When using IndexOf with StartingIndex can it repeat StartingIndex

I am building a list of locations for a word in a string with the While loop below.
When using IndexOf with StartingIndex can it repeat StartingIndex?
That is what I am finding. I have one place in the string it is at (19) and it finds it the first time, and then I have an endless loop.

Var ptr As Integer = 0 Var cnt As Integer = 0 While ptr > -1 ptr = TextBx.Value.IndexOf(ptr, LSrchWord)// Plces.AddRow ptr wend

TextBx is the TextArea
LSrchWord is the search string
Plces is an array of integers

How about:

var ptr  as integer = TextBx.Value.IndexOf( LSrchWord )
while ptr <> -1
  Places.AddRow ptr
  ptr = TextBx.Value.IndexOf( ptr + LSrchWord.Length, LSrchWord )


Thanks. I’ll try that.

I assume including StartingIndex means the next value in the array has to be a higher value.
With InStr it does mean it has to be another value.
I know because I used InStr here before IndexOf.

I also assume it means it will not recycle, but it does?

The first use does not include it, and your code never increments it, hence it “recycles”.

I did but without an incrementer.

ptr = TextBx.Value.IndexOf(ptr, LSrchWord)

Grumble. There is no example of it using Start in the LR.
Grumble. I think I’ve been spoiled by XOJO. I actually thought it took care of the increment.

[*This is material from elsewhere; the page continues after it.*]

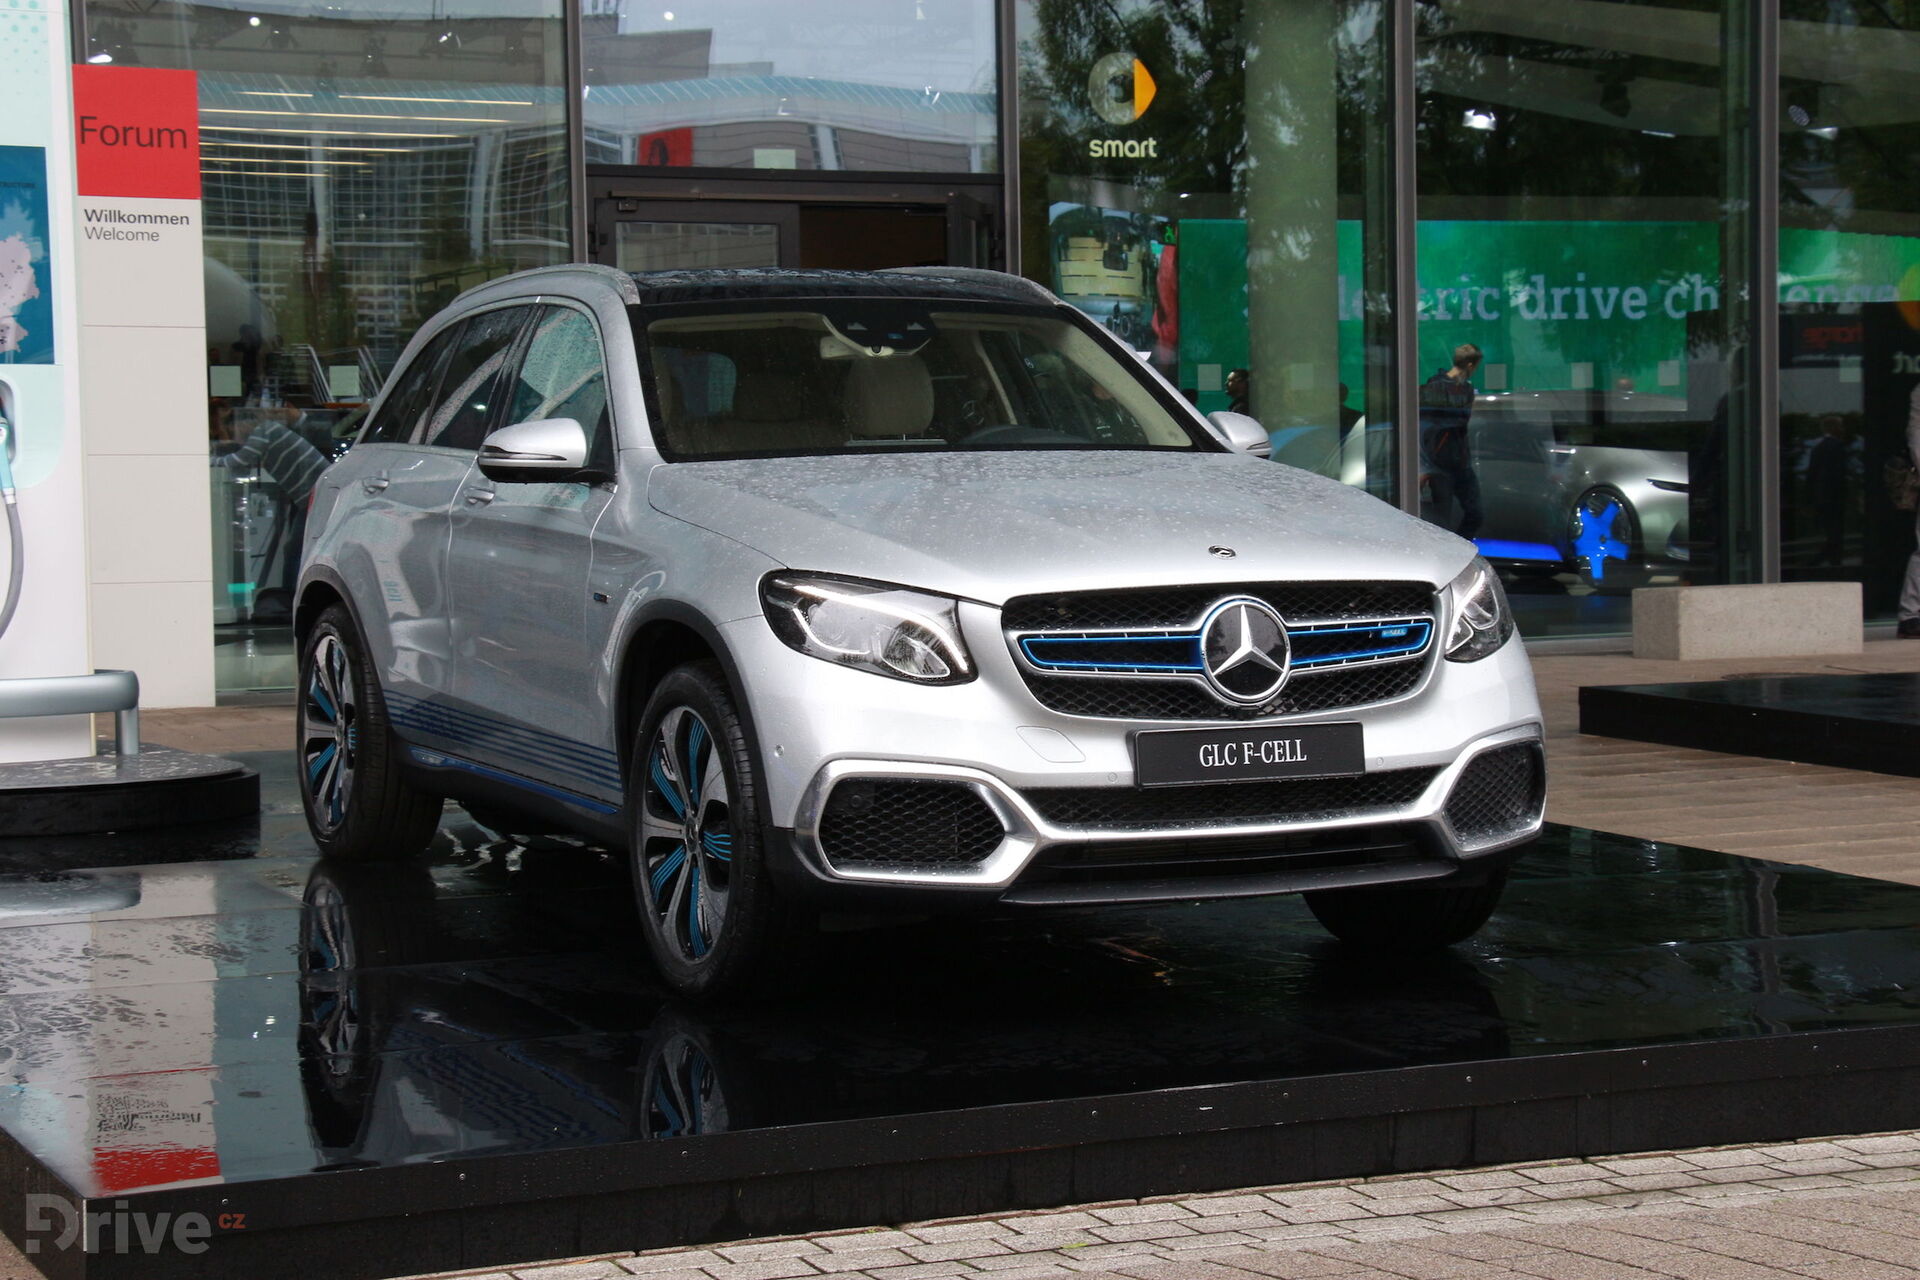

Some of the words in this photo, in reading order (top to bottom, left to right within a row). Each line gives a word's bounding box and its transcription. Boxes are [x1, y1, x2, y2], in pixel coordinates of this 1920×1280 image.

I also like the way you start the while with

Plces.AddRow ptr

Think of it this way. Var Pos As Integer = “abcd”.IndexOf(“a”) This code will not work, it’s just for demonstration. In this case Pos will be 0 because what is returned is the index of the desired character. Think of it as “0 characters were skipped before the a was found.”

When you try IndexOf(0, “a”) you still get back zero because you told Xojo “skip the first 0 characters, then start searching for a.”

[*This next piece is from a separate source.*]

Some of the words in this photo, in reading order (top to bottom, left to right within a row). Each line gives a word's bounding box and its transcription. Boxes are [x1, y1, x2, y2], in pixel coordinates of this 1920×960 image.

With InStr, the returned value was 1-based. This twists the logic a little. No longer does the phrase “1 character was skipped before the a was found” work because it’s not true. The result means “the a was found as the first character.” It also means when you use the start parameter, the request is “skip the first character, then start searching for a.” In a sense, your goal happened because InStr returns a 1-based value, but the start position takes a 0-based value. So you kind of got that built-in incrementing effect.

Thanks for the explanation. I had to drop out of the college Logic class because of this sort of stuff.